The Flyers strayed off the beaten path again to sign O'Donnell, another free-agent defenseman, who played the last two seasons in Los Angeles with the Kings.

O'Donnell will earn $1 million this season - a $250,000 cut from his pay last season - but has the opportunity to earn more with performance-based bonuses. He will be relied upon by the Flyers as the anchor of their blue-line unit, likely as the sixth defenseman.

O'Donnell, who will turn 39 in October, came to the Flyers with the high recommendation of Chris Pronger. O'Donnell and Pronger were defensive partners in 2007 when they helped bring a Stanley Cup to Anaheim.

"We've been friends for a long time, and he can be very persuasive," O'Donnell said of Pronger. "He thought it would be a good fit. I'm at a point in my career where the dollars are what they are. It was just a matter of finding a spot where I could fit in on that bottom pair and really make a contribution."

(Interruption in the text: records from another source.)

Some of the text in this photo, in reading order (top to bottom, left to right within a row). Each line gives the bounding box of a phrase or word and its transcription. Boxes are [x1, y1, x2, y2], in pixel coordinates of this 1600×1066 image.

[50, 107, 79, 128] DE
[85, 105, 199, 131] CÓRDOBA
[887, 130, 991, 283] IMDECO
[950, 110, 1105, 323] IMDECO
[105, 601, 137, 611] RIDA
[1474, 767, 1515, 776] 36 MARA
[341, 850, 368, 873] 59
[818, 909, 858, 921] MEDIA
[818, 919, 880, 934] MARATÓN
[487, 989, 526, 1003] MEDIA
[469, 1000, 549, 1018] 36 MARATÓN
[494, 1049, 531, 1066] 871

O'Donnell, who has finished with a minus rating only twice in 15 NHL seasons, said Holmgren contacted his agent within the first 5 minutes of free agency, opening at noon yesterday. He was a plus-14 with 15 points last year for the Kings.

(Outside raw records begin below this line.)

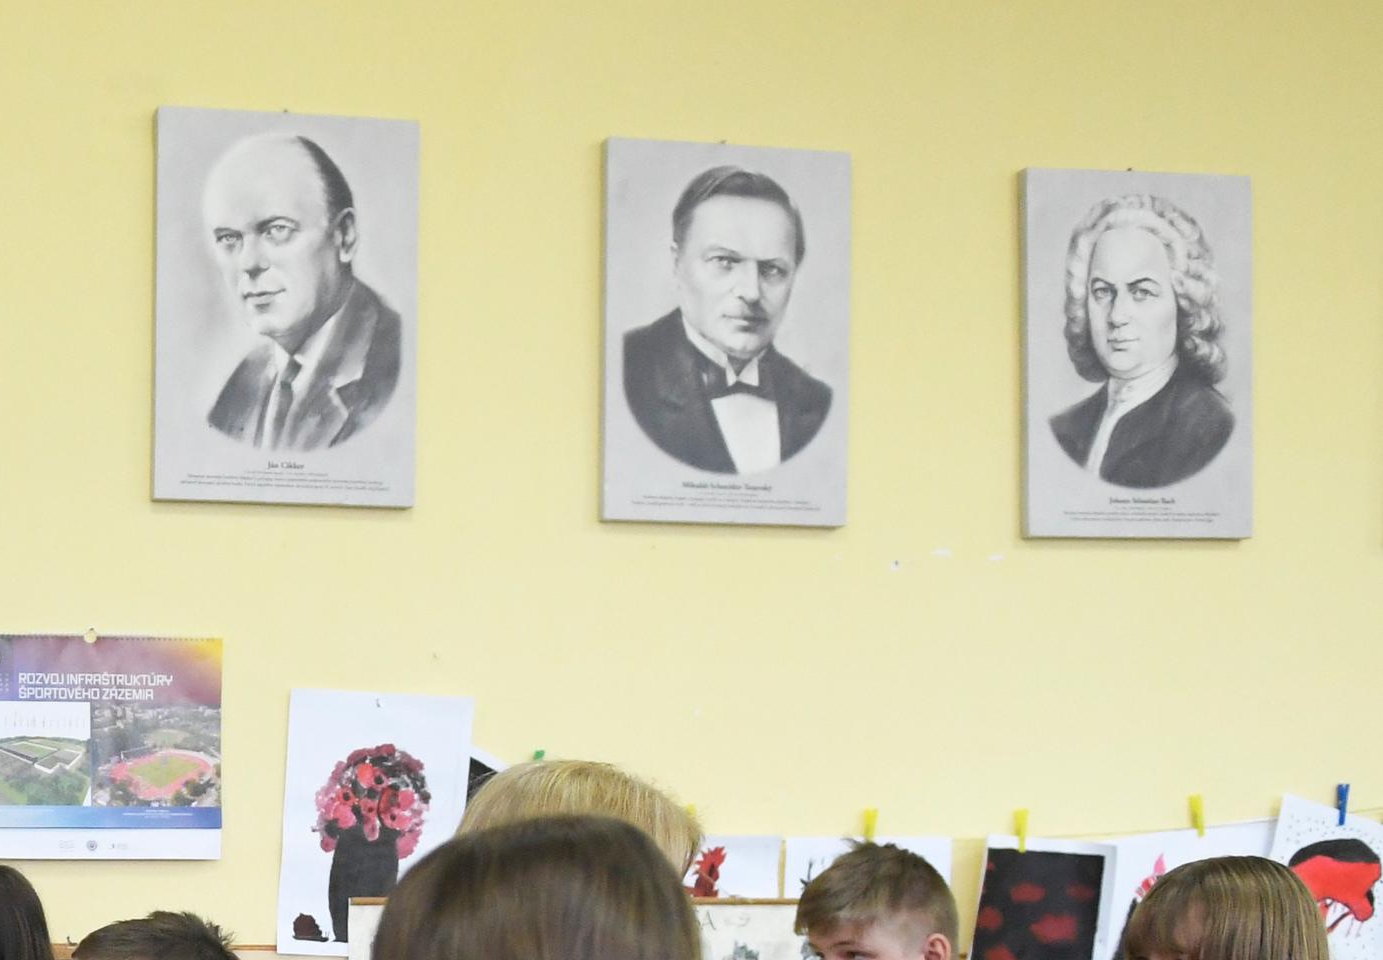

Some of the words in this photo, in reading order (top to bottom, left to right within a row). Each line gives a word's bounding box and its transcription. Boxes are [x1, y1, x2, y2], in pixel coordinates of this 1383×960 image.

[18, 673, 64, 685] ROZVOJ
[66, 672, 173, 686] INFRAŠTRUKTÚRY
[18, 685, 100, 699] ŠPORTOVÉHO
[102, 687, 154, 700] ZÁZEMIA
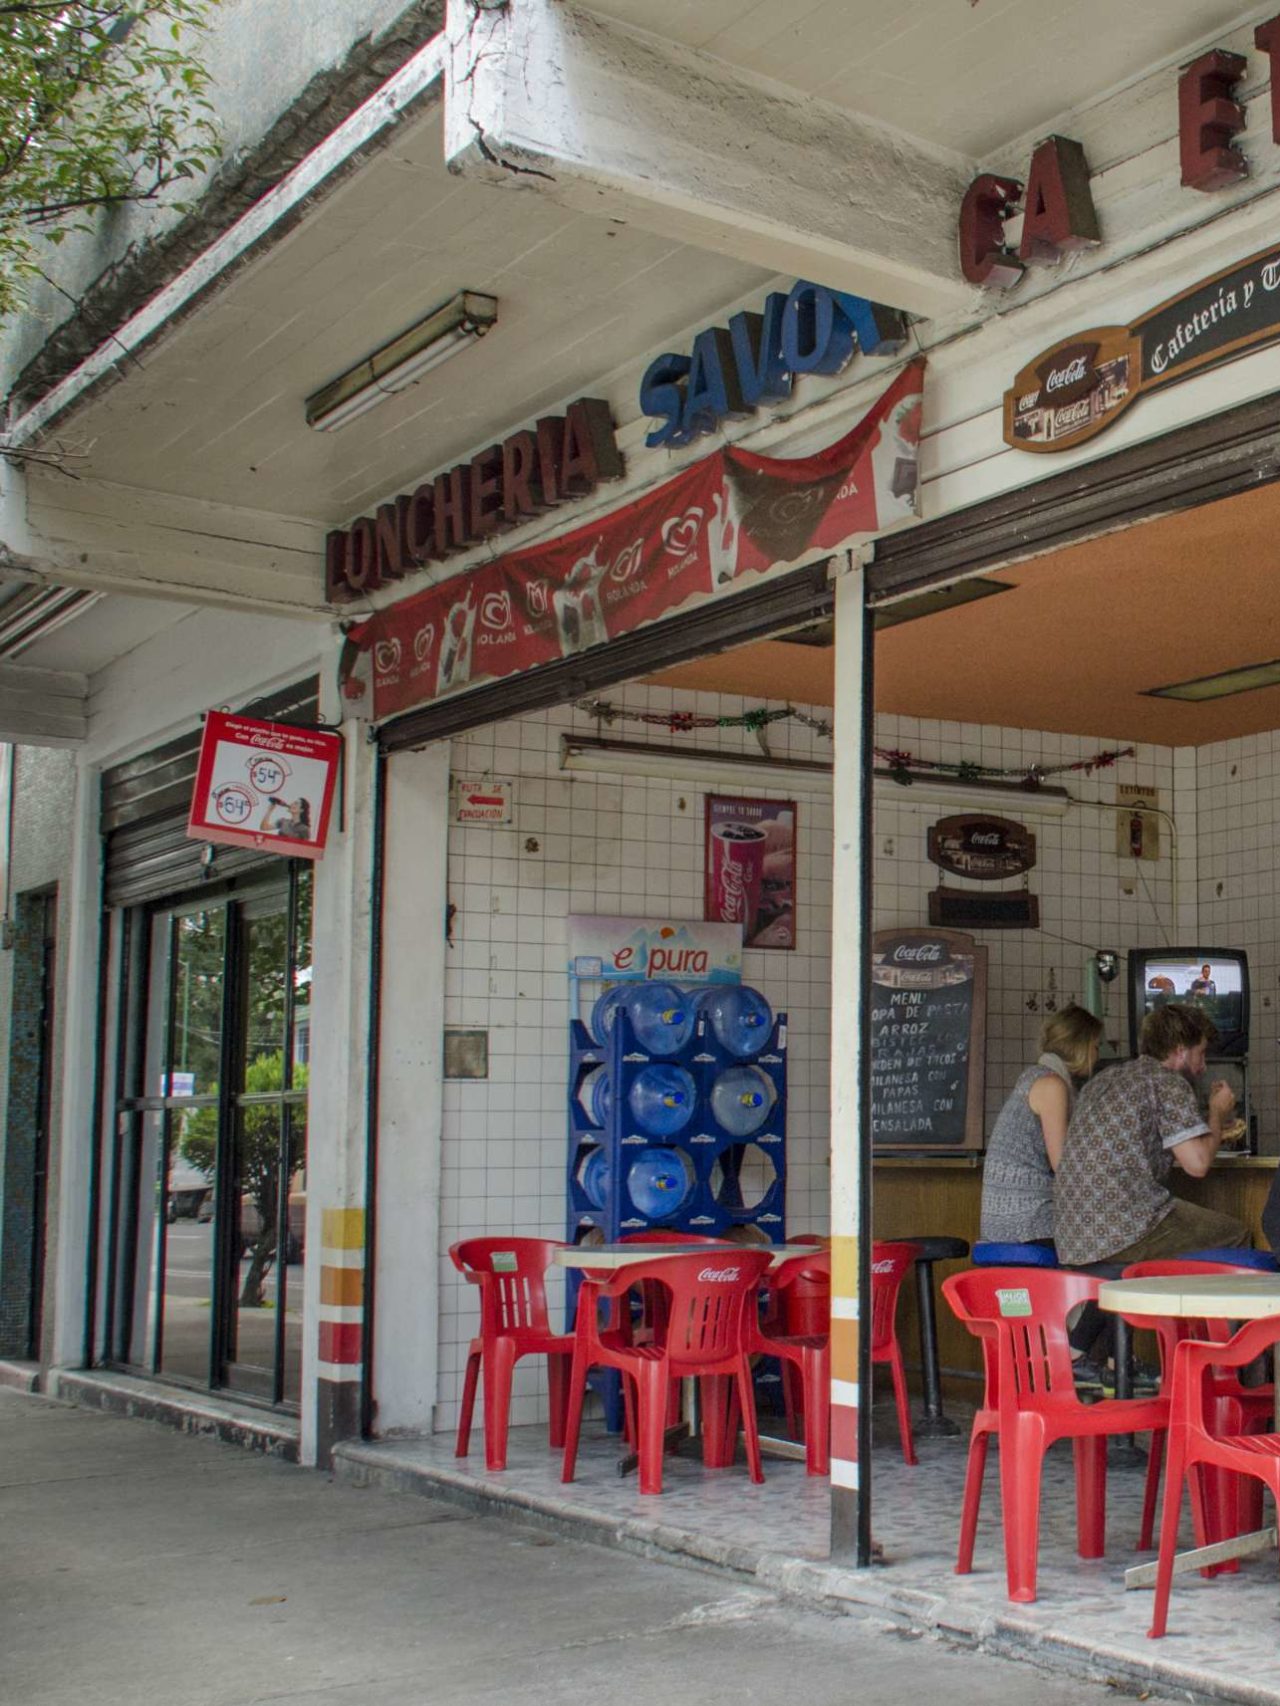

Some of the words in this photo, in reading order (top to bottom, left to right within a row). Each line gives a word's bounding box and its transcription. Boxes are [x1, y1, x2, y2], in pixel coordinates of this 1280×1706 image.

[1243, 280, 1254, 308] y
[1046, 355, 1088, 392] Coca-Cola
[326, 396, 628, 605] LONCHERIA
[640, 278, 912, 450] SAVOY
[250, 733, 287, 750] Coca-Cola
[971, 831, 1000, 845] Coca-Cola
[893, 944, 941, 962] Coca-Cola
[872, 1008, 896, 1021] OPA
[906, 1006, 920, 1019] DE
[880, 1022, 929, 1036] ARROZ
[883, 1084, 919, 1099] PAPAS
[934, 1098, 954, 1112] CON
[873, 1117, 933, 1133] ENSALADA
[697, 1266, 741, 1283] Coca-Cola

He made it clear he came to Philly not just to play with Pronger, but to win.

"This isn't really about money, this is about I'd like to win one more time," O'Donnell said. "If I didn't think Philly was in that group of teams that was right there on the cusp, I wouldn't have signed with Philly. I think I can really bring a steady presence to that last defensive unit."

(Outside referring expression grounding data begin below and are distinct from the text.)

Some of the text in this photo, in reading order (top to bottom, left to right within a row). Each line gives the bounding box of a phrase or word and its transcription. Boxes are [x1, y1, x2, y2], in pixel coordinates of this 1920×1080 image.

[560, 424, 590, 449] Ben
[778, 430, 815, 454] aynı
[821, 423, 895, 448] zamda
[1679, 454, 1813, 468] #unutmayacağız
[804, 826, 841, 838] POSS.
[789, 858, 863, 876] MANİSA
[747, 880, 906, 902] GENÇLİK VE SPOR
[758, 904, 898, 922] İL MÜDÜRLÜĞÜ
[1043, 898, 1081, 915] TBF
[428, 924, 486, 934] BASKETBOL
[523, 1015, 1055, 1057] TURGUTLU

Overall, it was a busy day for the Flyers, who can either sign one more forward or head into next season with the expectation of using someone from the Phantoms.

"We're very pleased with what we did," Holmgren said. "We significantly upgraded our defense. There's still guys out there. We'll continue to look around and listen and see if there's a fit, whether it's a trade or through free agency, but we're always looking to make our team better. We think we made our team better today, but we'll continue to look."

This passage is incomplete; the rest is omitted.